Why New Jersey's Case Against Kalshi Is Stronger Than Nevada's
This is a guest post that features opinions and analysis from Andrew Kim, a litigator at Goodwin Law, republished from LinkedIn.
Kalshi may regret bringing the fight to New Jersey.
The state filed its response to Kalshi’s preliminary injunction motion — and it delivers quite a punch. New Jersey’s brief persuasively argues that, even in the sandbox of the Commodity Exchange Act, there’s room for state regulators to play.
You can read the brief yourself below:
In case you’re playing catch-up or need a brief summary of what’s going on:
New Jersey is one of several states that has told Kalshi to stop offering sports event contracts, arguing that it’s illegal sports betting in a cease-and-desist letter.
Kalshi filed a lawsuit in federal court in response, asking for the court to stop New Jersey from enforcing the initial cease-and-desist.
Nevada’s argument in defending against Kalshi’s lawsuit featured less persuasive arguments; Kalshi has already won a preliminary injunction there.
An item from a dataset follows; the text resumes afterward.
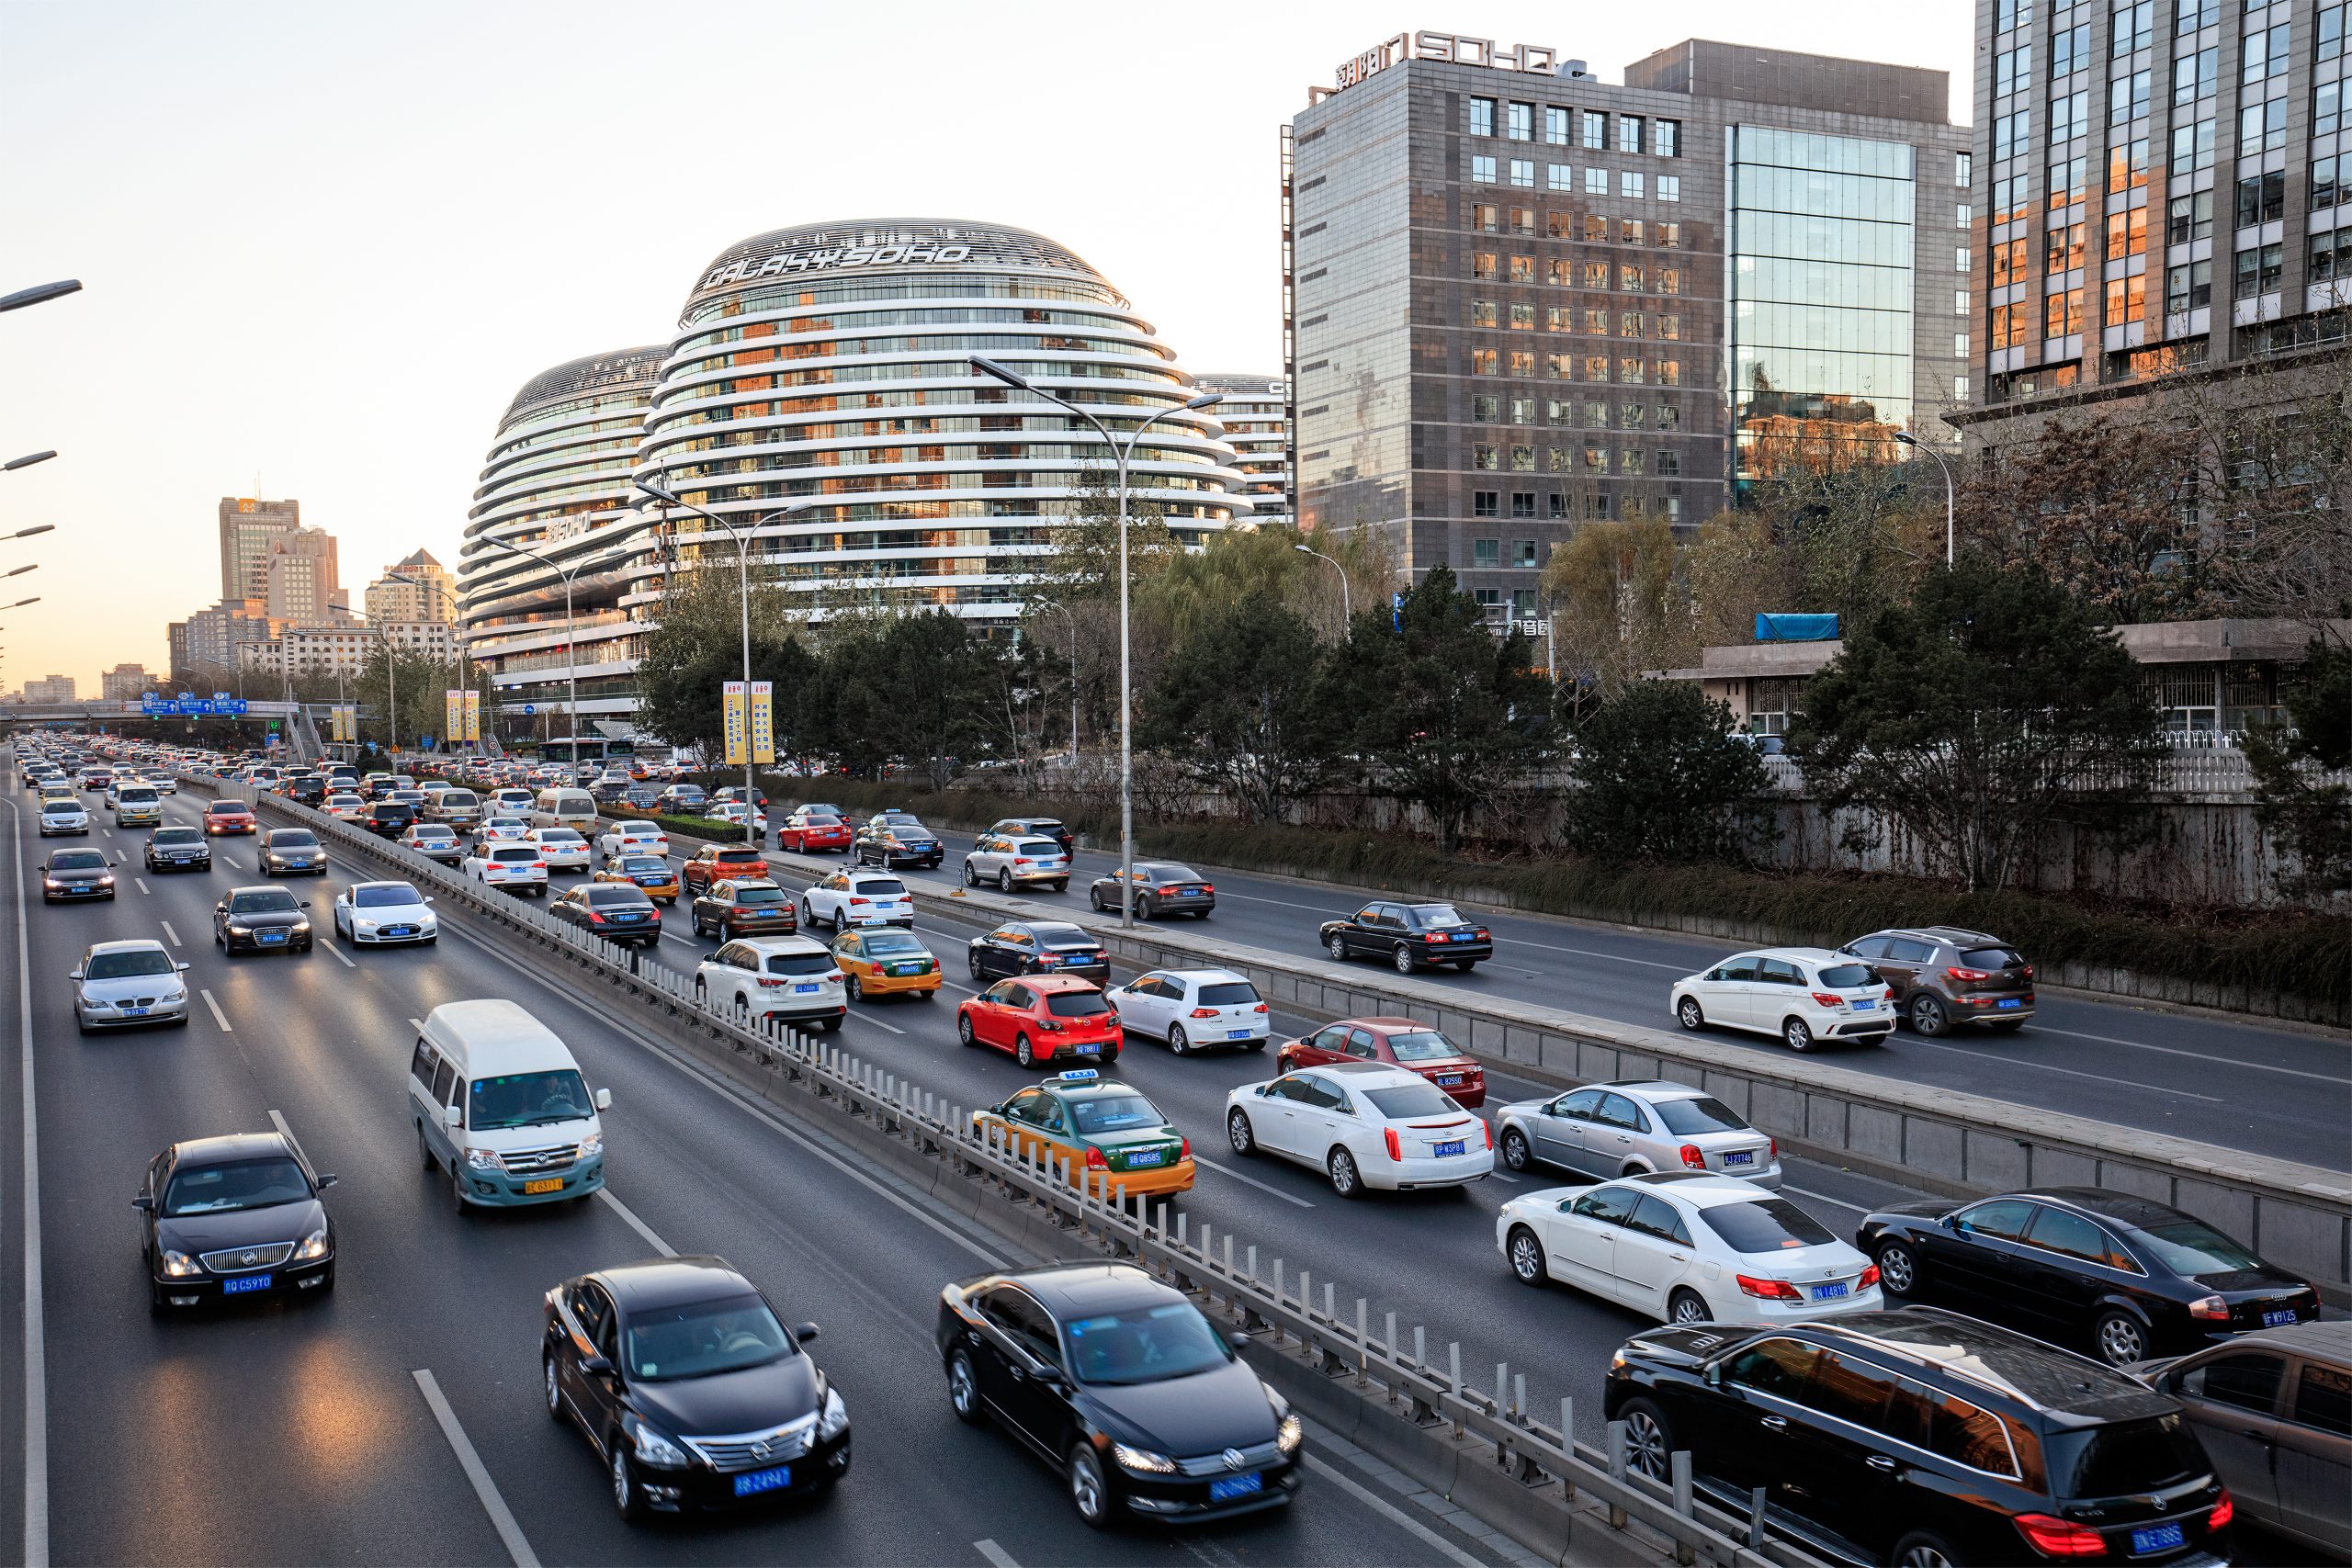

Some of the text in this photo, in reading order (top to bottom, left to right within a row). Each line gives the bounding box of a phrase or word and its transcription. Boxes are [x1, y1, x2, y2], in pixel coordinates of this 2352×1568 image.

[1335, 30, 1556, 91] 朝阳门 SOHO
[840, 246, 971, 267] SOHO
The breakdown of NJ’s brief
New Jersey starts with the fundamentals. First, the presumption against preemption: when possible, federal laws shouldn’t shove aside state laws, especially in areas that are traditionally regulated by the states, like gaming and gambling. Field preemption, like the kind for which Kalshi is advocating, is “rare.”
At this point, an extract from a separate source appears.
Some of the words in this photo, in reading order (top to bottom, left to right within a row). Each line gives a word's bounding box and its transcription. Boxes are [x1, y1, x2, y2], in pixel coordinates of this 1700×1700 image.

Next, the Commodity Futures Trading Commission’s “exclusive jurisdiction.” New Jersey calls into question whether sports-related event contracts like Kalshi’s are “swaps” at all. A swap, New Jersey notes, has to be “dependent on the occurrence, nonoccurrence, or the extent of the occurrence of an event … with a potential, financial, economic, or commercial consequence.” This is meant for things like “crop yield” or “corporate asset purchases." The Lakers beating the Timberwolves doesn't have an "economic consequence." (OK, New Jersey didn't say that second part.)
Still on “exclusive jurisdiction.” After attacking whether Kalshi’s contracts are “swaps” at all, New Jersey points out that the exclusive jurisdiction provision doesn’t do what Kalshi says it does. The CFTC’s jurisdiction is exclusive as to other federal agencies like the SEC; it’s not intended to knock out state law. It asks: why would the CEA have provisions protecting state jurisdiction if Congress wanted the CFTC to displace the states?
On to the Special Rule. New Jersey points out that one category of contracts subject to the Special Rule is “activity that is unlawful under any Federal or State law.” This shows that “Congress wanted state laws to apply when those laws apply to event contracts.” (I think this is New Jersey’s weakest argument—as Kalshi might point out, the problem here is that the contract is arguably unlawful, not the underlying event.)
Ah, the old "expressio unius" chestnut. New Jersey points out that the CEA actually has a limited preemption provision for state gaming laws—just not for the contracts here. Congress could have preempted state gaming laws for contracts covered by the Special Rule, but didn’t.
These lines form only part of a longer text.